- **Work request**: Would you please transcribe the records below exactly, leaving out the pictures?
[Data listing Boundary: Start]
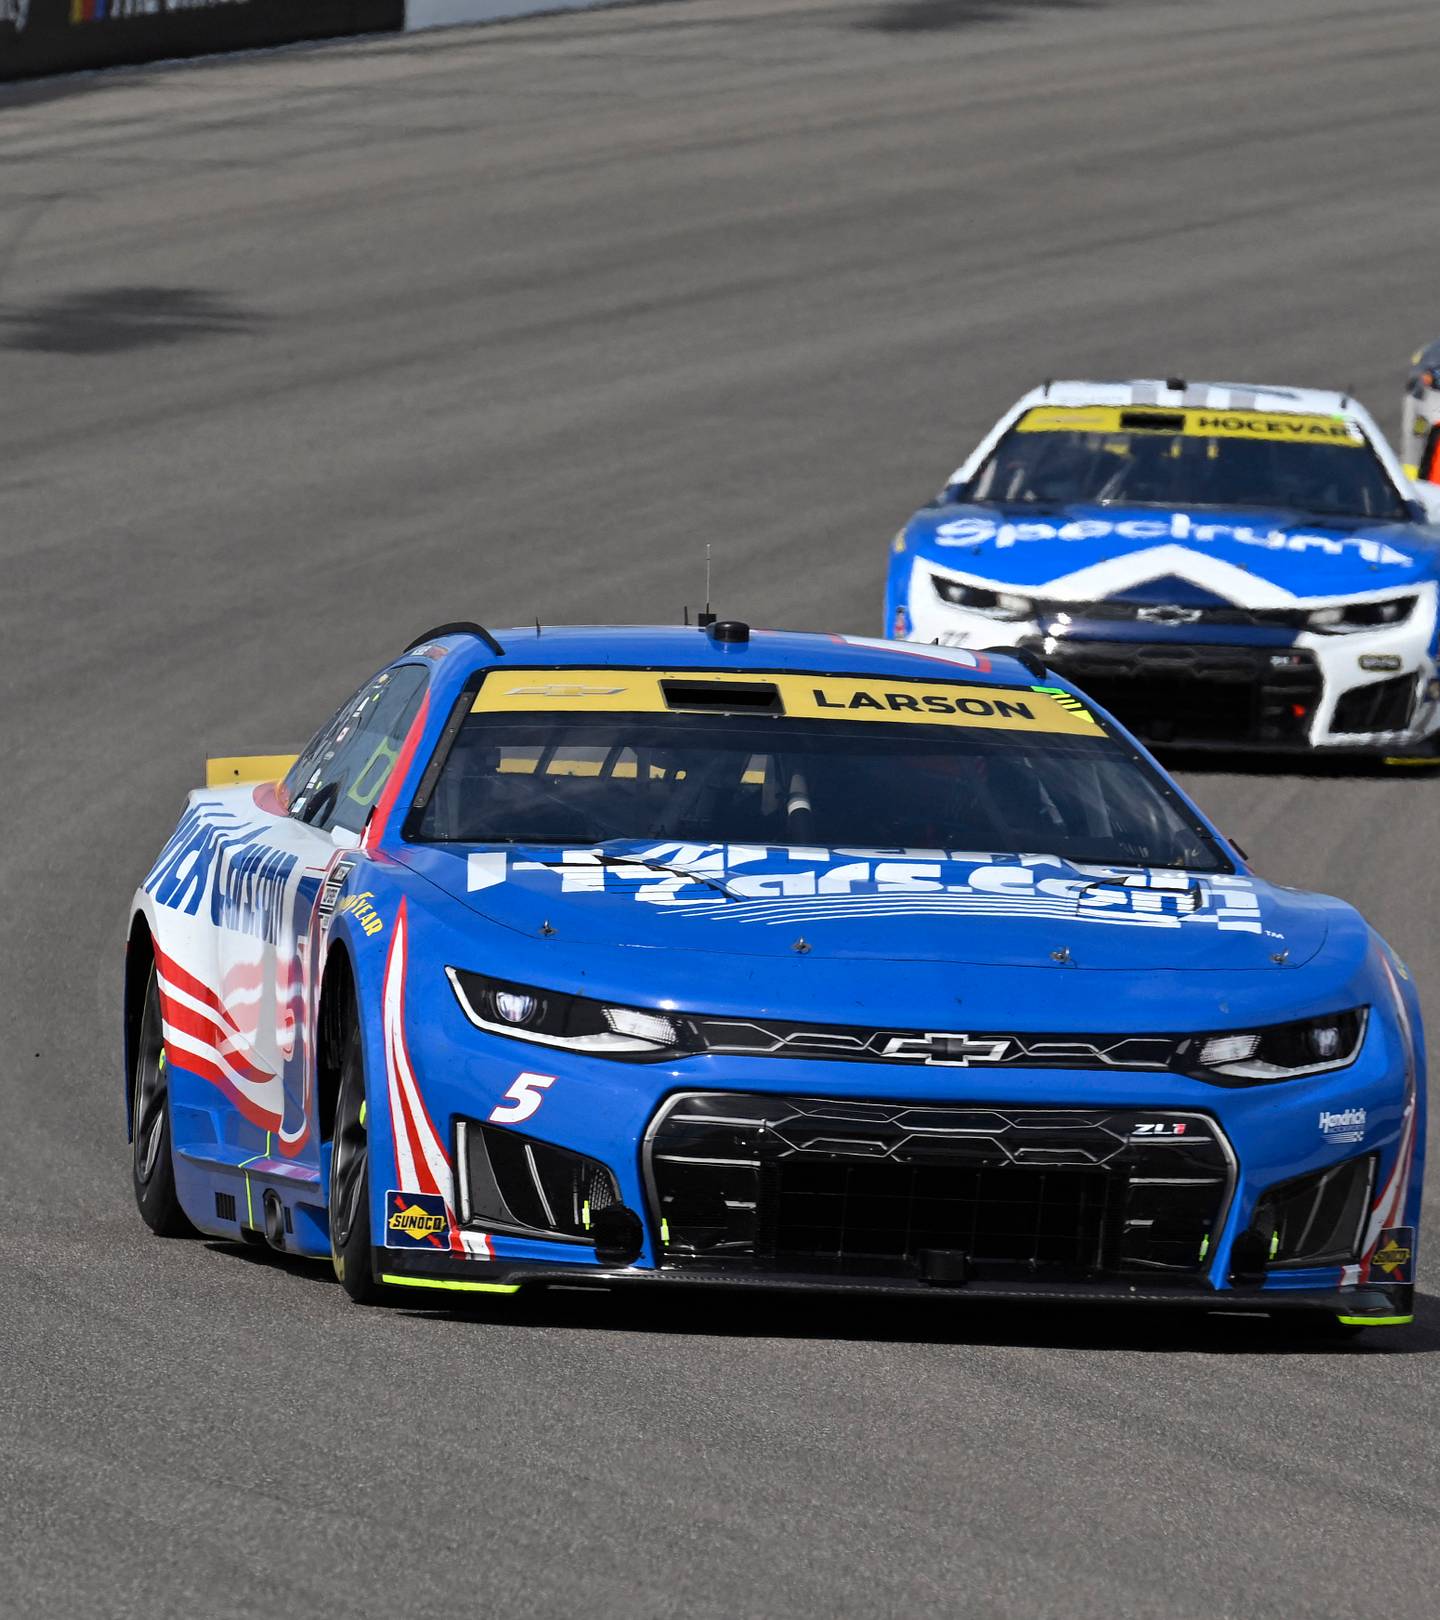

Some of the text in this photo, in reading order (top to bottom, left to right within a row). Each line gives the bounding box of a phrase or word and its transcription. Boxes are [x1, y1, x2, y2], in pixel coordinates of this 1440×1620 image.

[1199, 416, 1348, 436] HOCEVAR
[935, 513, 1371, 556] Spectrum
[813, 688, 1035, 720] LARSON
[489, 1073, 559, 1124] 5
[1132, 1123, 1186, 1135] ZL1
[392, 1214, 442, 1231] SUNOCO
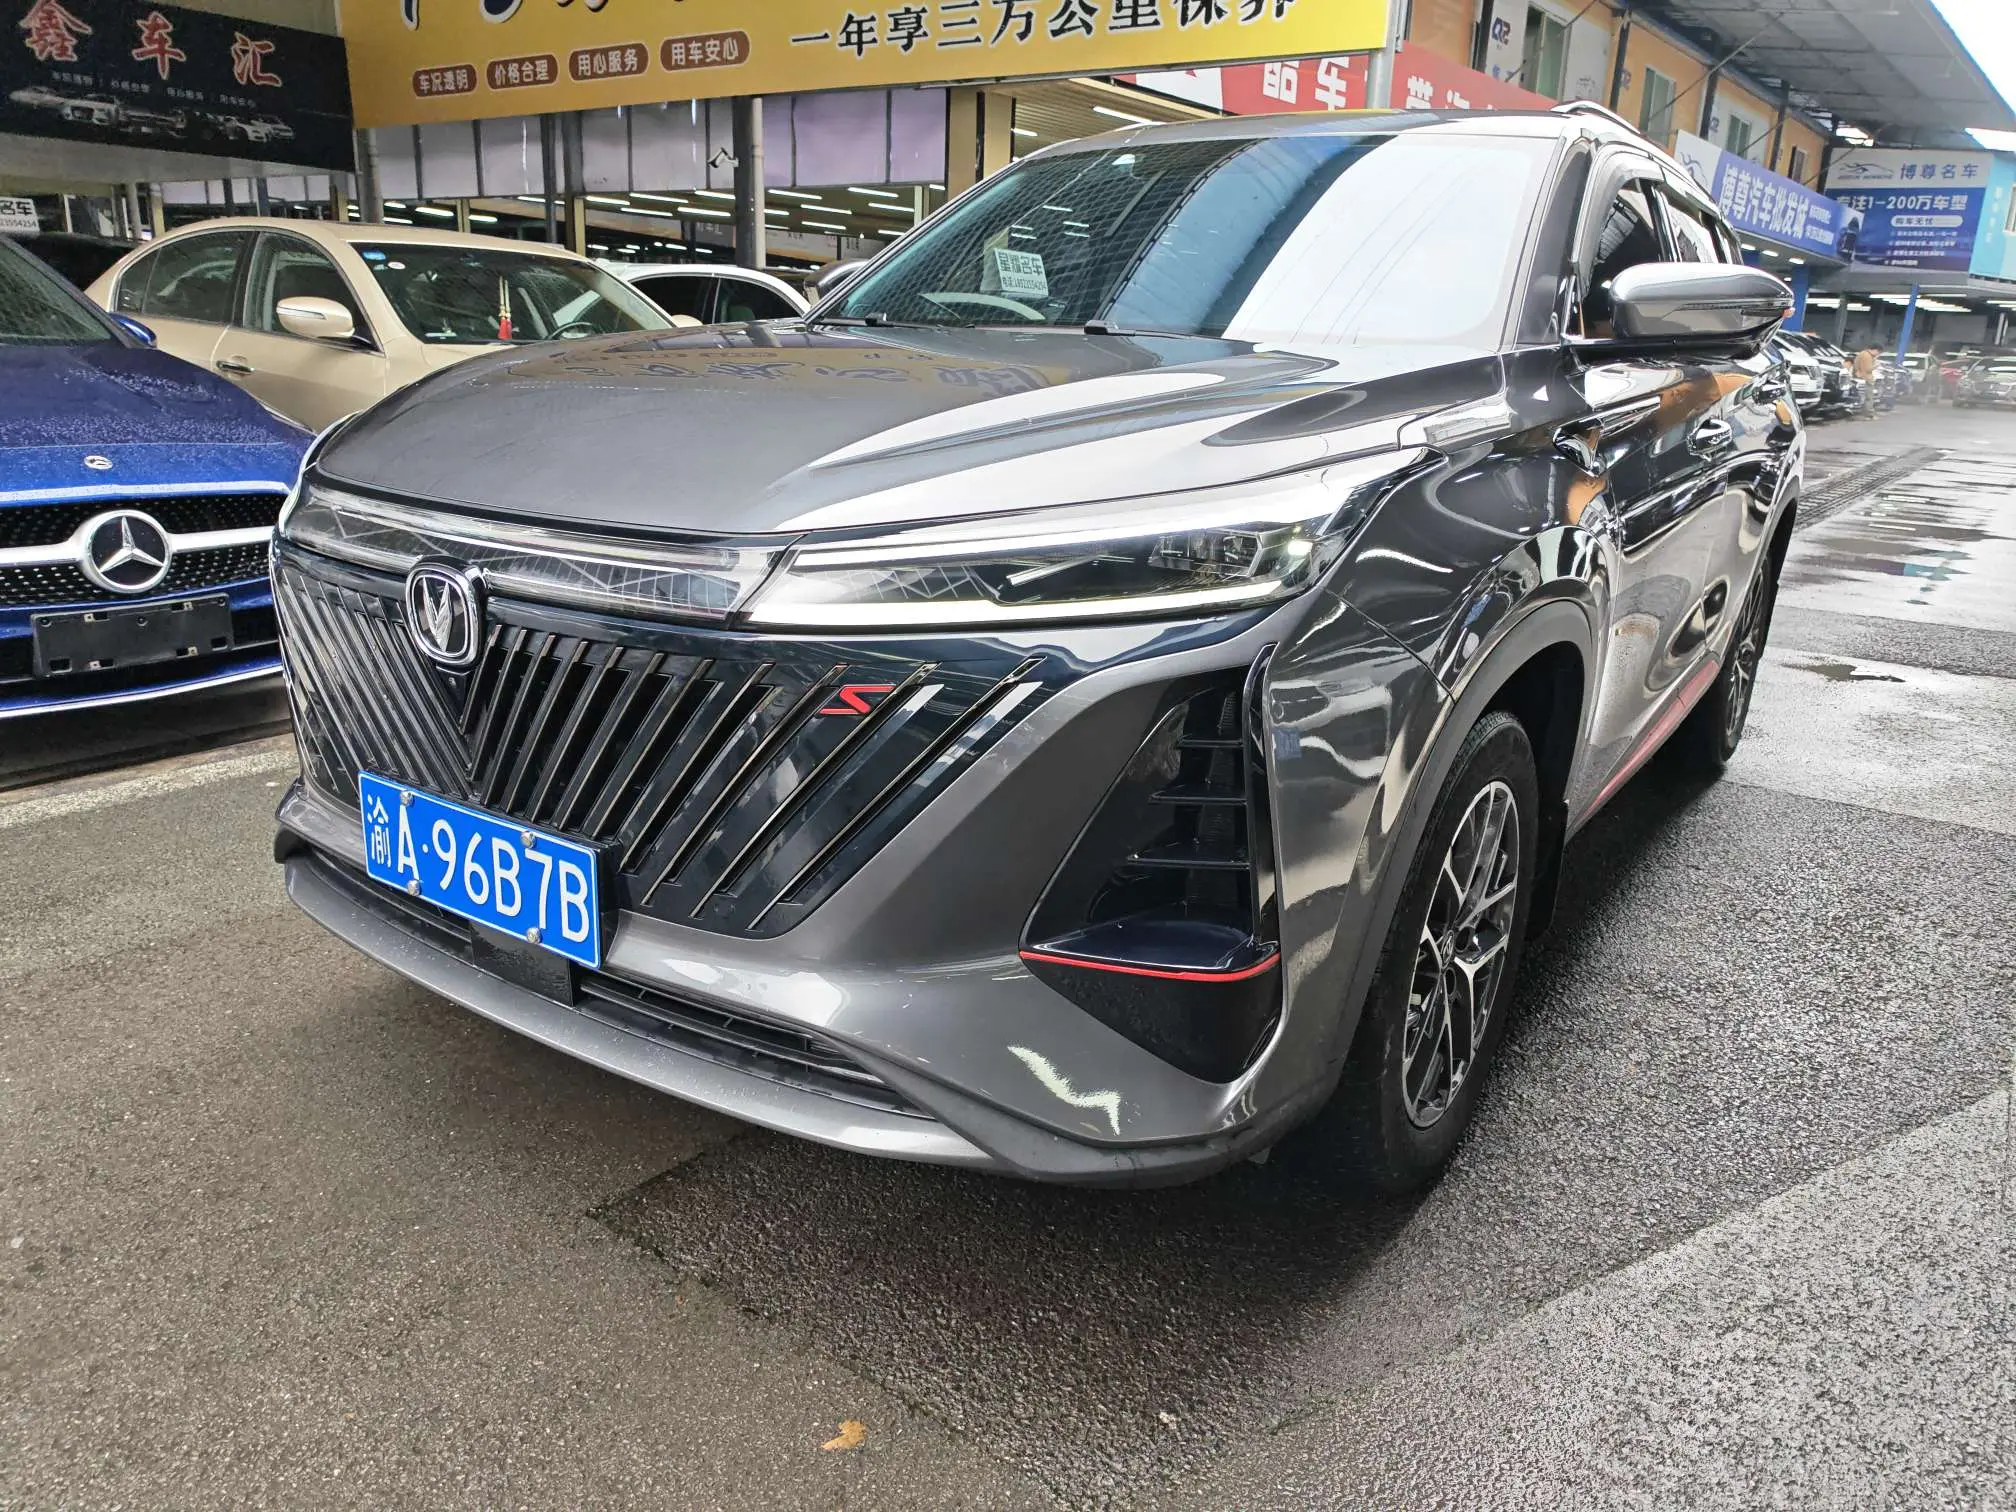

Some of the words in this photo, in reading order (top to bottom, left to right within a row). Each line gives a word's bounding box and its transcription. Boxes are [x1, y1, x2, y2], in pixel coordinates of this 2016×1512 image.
[Data listing Boundary: End]
- **Written response**:
Some of the text in this photo, in reading order (top to bottom, left to right within a row). Each line gives the bounding box of a phrase or word and its transcription. Boxes are [x1, y1, x2, y2], in pixel coordinates of this 1440×1620 image.

[1199, 416, 1348, 436] HOCEVAR
[935, 513, 1371, 556] Spectrum
[813, 688, 1035, 720] LARSON
[489, 1073, 559, 1124] 5
[1132, 1123, 1186, 1135] ZL1
[392, 1214, 442, 1231] SUNOCO

Some of the words in this photo, in reading order (top to bottom, left to right within a row). Each line gives a word's bounding box and its transcription. Boxes are [x1, y1, x2, y2], in pixel coordinates of this 2016×1512 image.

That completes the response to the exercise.